### [Exercise prompt]
Pictures stay out; please output the remaining data exactly.

### [Data to use]
- - -

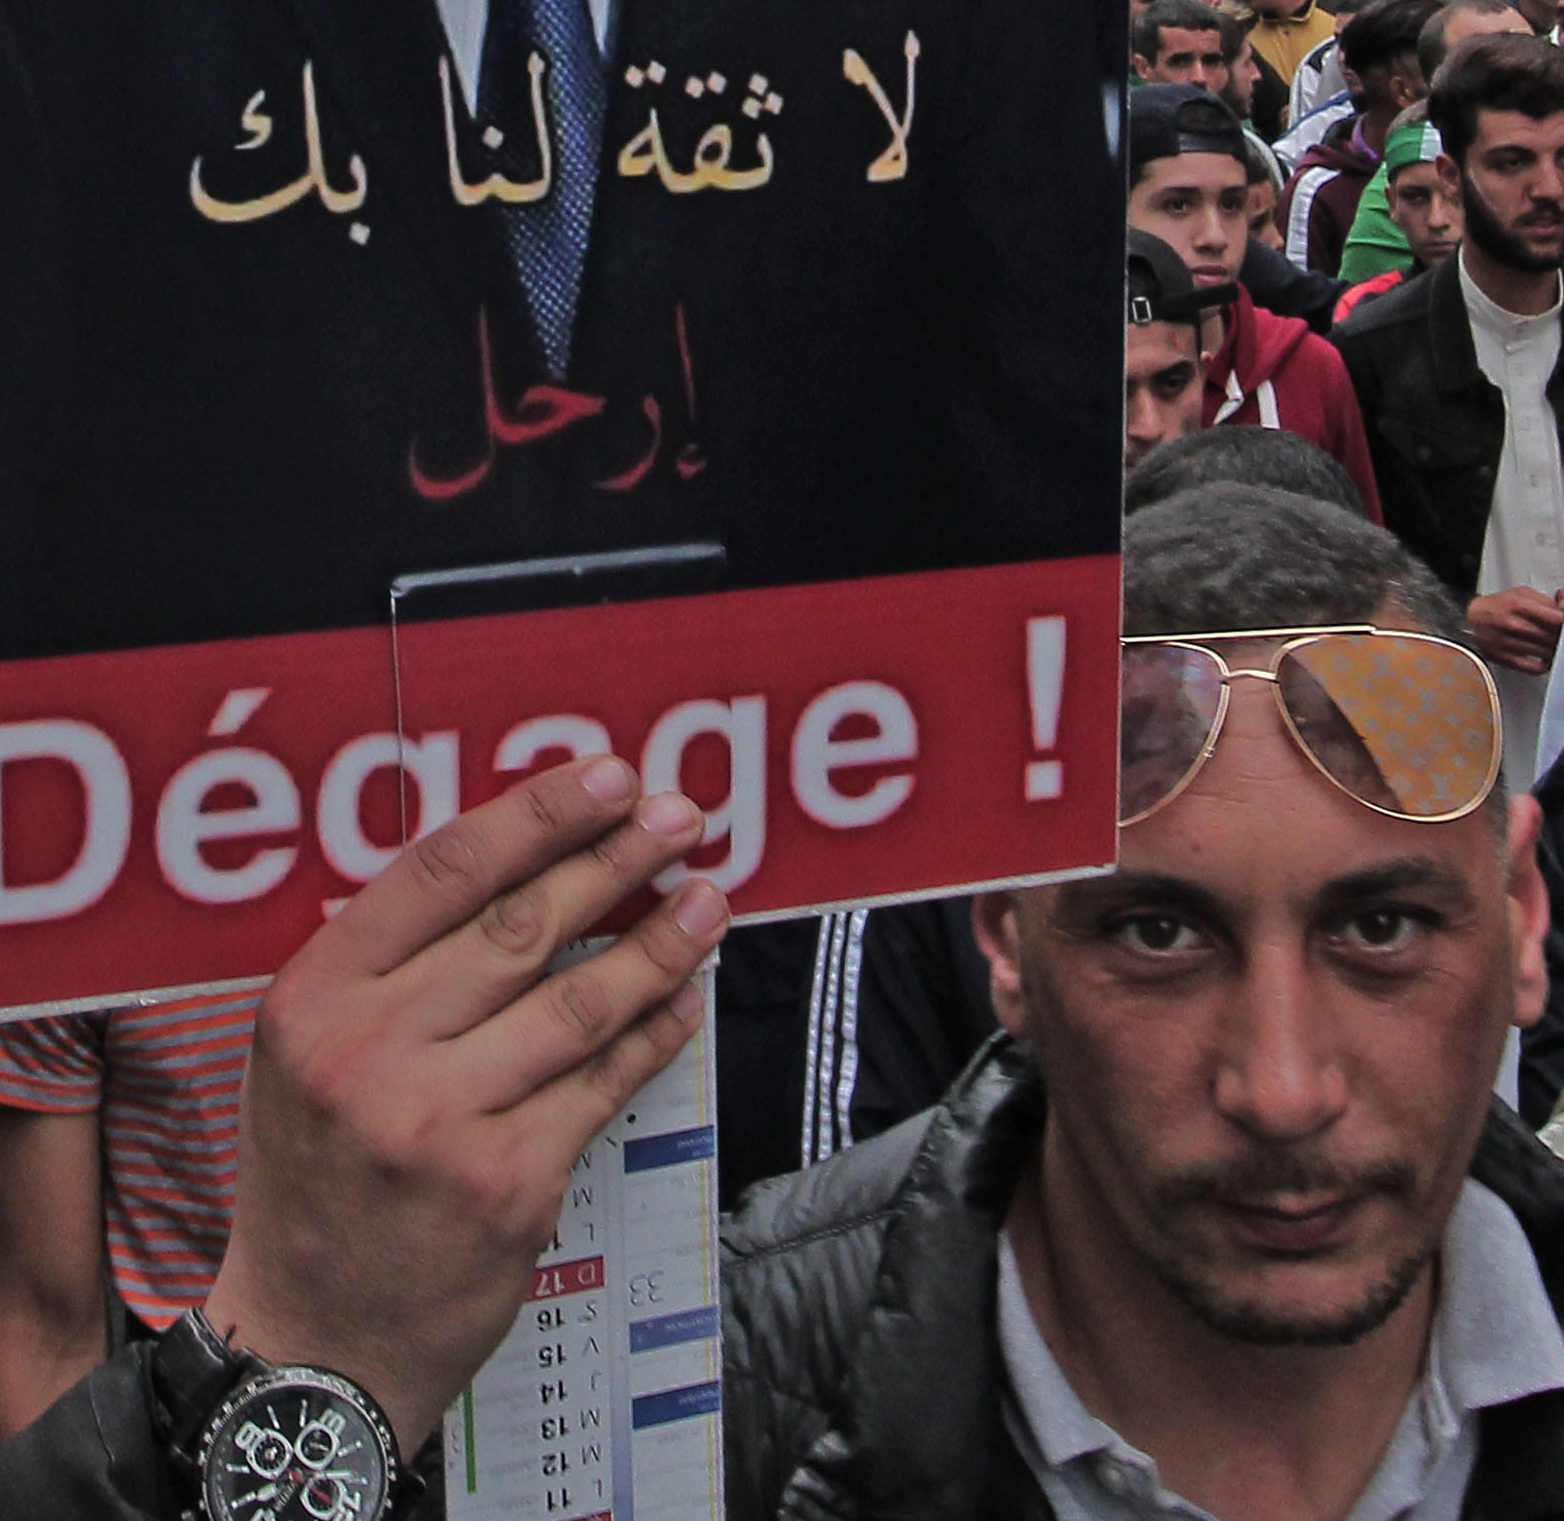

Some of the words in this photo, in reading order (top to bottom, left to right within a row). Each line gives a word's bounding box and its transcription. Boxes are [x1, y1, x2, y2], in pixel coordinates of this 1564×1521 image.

[843, 29, 921, 182] لا
[438, 51, 552, 206] لنا
[618, 60, 784, 194] ثقة
[190, 59, 371, 246] بك
[535, 1270, 566, 1297] 17
[578, 1263, 595, 1285] D
[537, 1308, 566, 1332] 16
[538, 1343, 567, 1368] 15
[539, 1380, 568, 1404] 14
[541, 1416, 570, 1440] 13
[542, 1451, 571, 1476] 12
[546, 1487, 572, 1512] 11
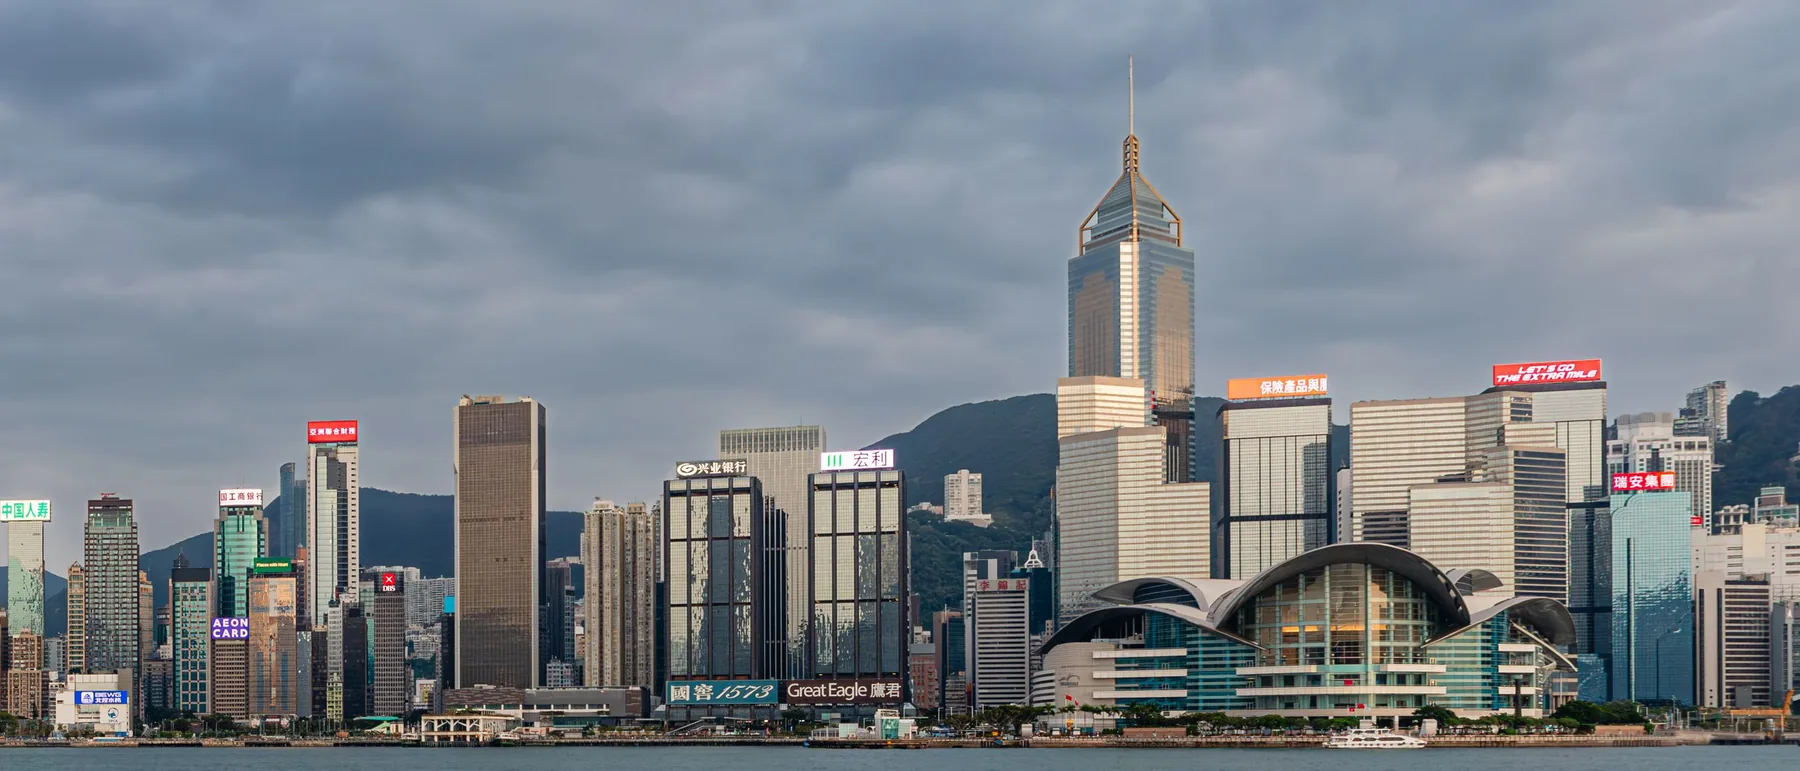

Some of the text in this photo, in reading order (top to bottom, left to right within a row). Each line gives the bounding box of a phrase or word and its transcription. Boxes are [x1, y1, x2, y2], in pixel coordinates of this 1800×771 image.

[1518, 363, 1575, 374] LET'S GO
[1497, 369, 1597, 382] THE EXTRA MILE
[854, 451, 887, 467] 宏利
[697, 461, 747, 474] 兴业银行
[1613, 474, 1674, 488] 瑞安集團
[2, 502, 48, 518] 中国人寿
[979, 580, 1027, 591] 李錦記
[213, 618, 248, 628] AEON
[212, 628, 248, 638] CARD
[787, 681, 902, 701] Great Eagle 鷹君
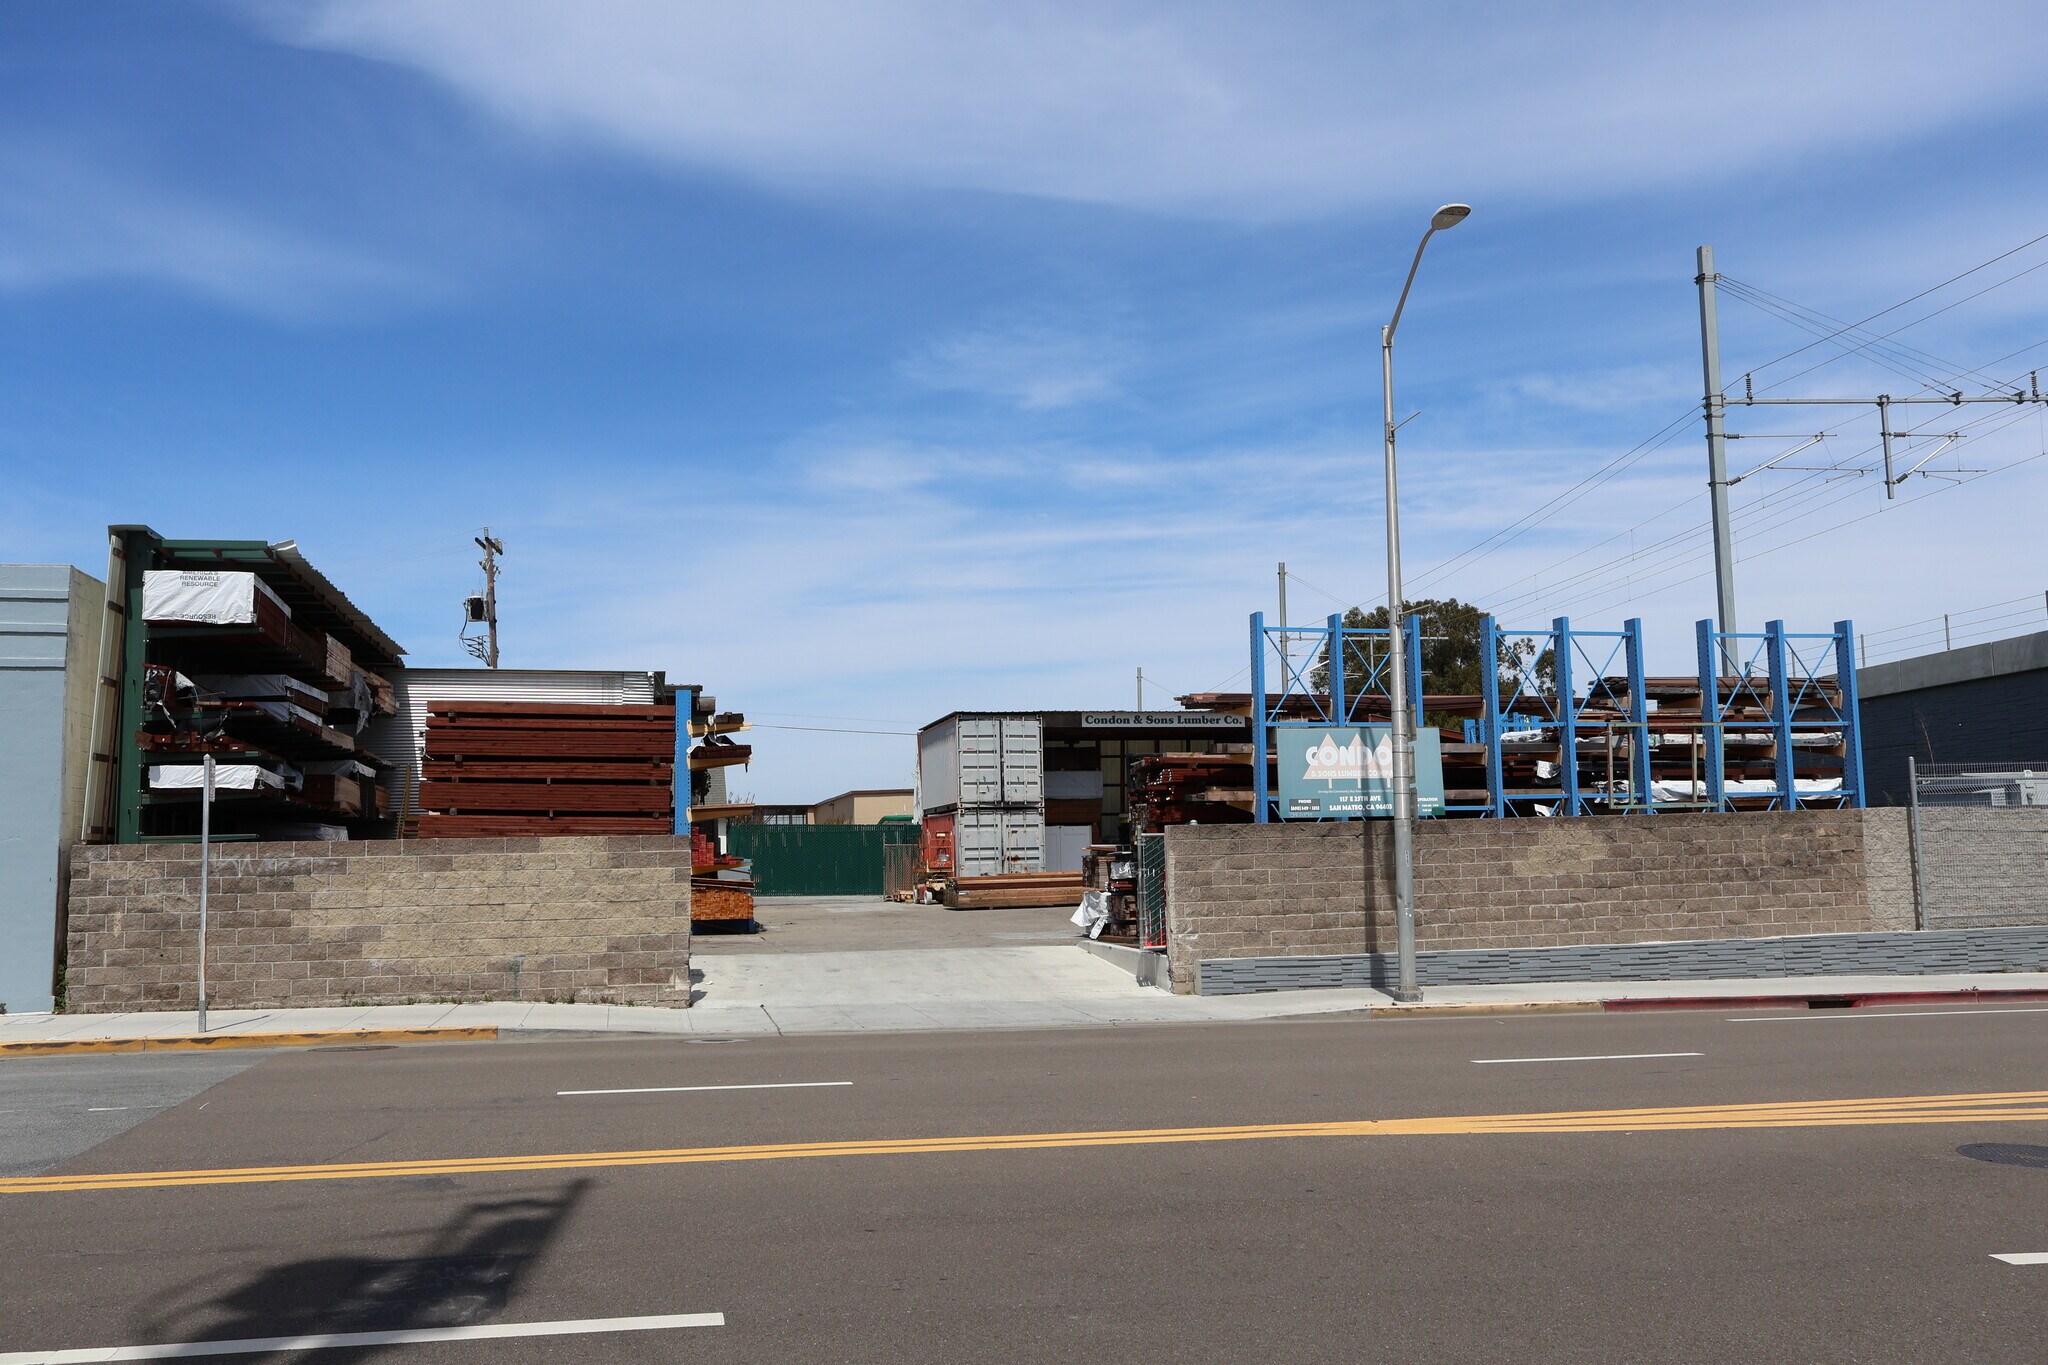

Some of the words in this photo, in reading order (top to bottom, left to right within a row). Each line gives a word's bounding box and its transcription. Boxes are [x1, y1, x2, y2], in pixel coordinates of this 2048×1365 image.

[1085, 715, 1130, 724] Condon
[1133, 715, 1143, 724] &
[1146, 715, 1174, 724] Sons
[1177, 715, 1221, 724] Lumber
[1224, 715, 1242, 724] Co.
[1305, 746, 1393, 765] CONDO

- - -

### [Solution]
Some of the words in this photo, in reading order (top to bottom, left to right within a row). Each line gives a word's bounding box and its transcription. Boxes are [x1, y1, x2, y2], in pixel coordinates of this 1564×1521 image.

[843, 29, 921, 182] لا
[438, 51, 552, 206] لنا
[618, 60, 784, 194] ثقة
[190, 59, 371, 246] بك
[535, 1270, 566, 1297] 17
[578, 1263, 595, 1285] D
[537, 1308, 566, 1332] 16
[538, 1343, 567, 1368] 15
[539, 1380, 568, 1404] 14
[541, 1416, 570, 1440] 13
[542, 1451, 571, 1476] 12
[546, 1487, 572, 1512] 11

Some of the text in this photo, in reading order (top to bottom, left to right within a row). Each line gives the bounding box of a phrase or word and its transcription. Boxes are [x1, y1, x2, y2], in pixel coordinates of this 1800×771 image.

[1518, 363, 1575, 374] LET'S GO
[1497, 369, 1597, 382] THE EXTRA MILE
[854, 451, 887, 467] 宏利
[697, 461, 747, 474] 兴业银行
[1613, 474, 1674, 488] 瑞安集團
[2, 502, 48, 518] 中国人寿
[979, 580, 1027, 591] 李錦記
[213, 618, 248, 628] AEON
[212, 628, 248, 638] CARD
[787, 681, 902, 701] Great Eagle 鷹君

Some of the words in this photo, in reading order (top to bottom, left to right within a row). Each line gives a word's bounding box and its transcription. Boxes are [x1, y1, x2, y2], in pixel coordinates of this 2048×1365 image.

[1085, 715, 1130, 724] Condon
[1133, 715, 1143, 724] &
[1146, 715, 1174, 724] Sons
[1177, 715, 1221, 724] Lumber
[1224, 715, 1242, 724] Co.
[1305, 746, 1393, 765] CONDO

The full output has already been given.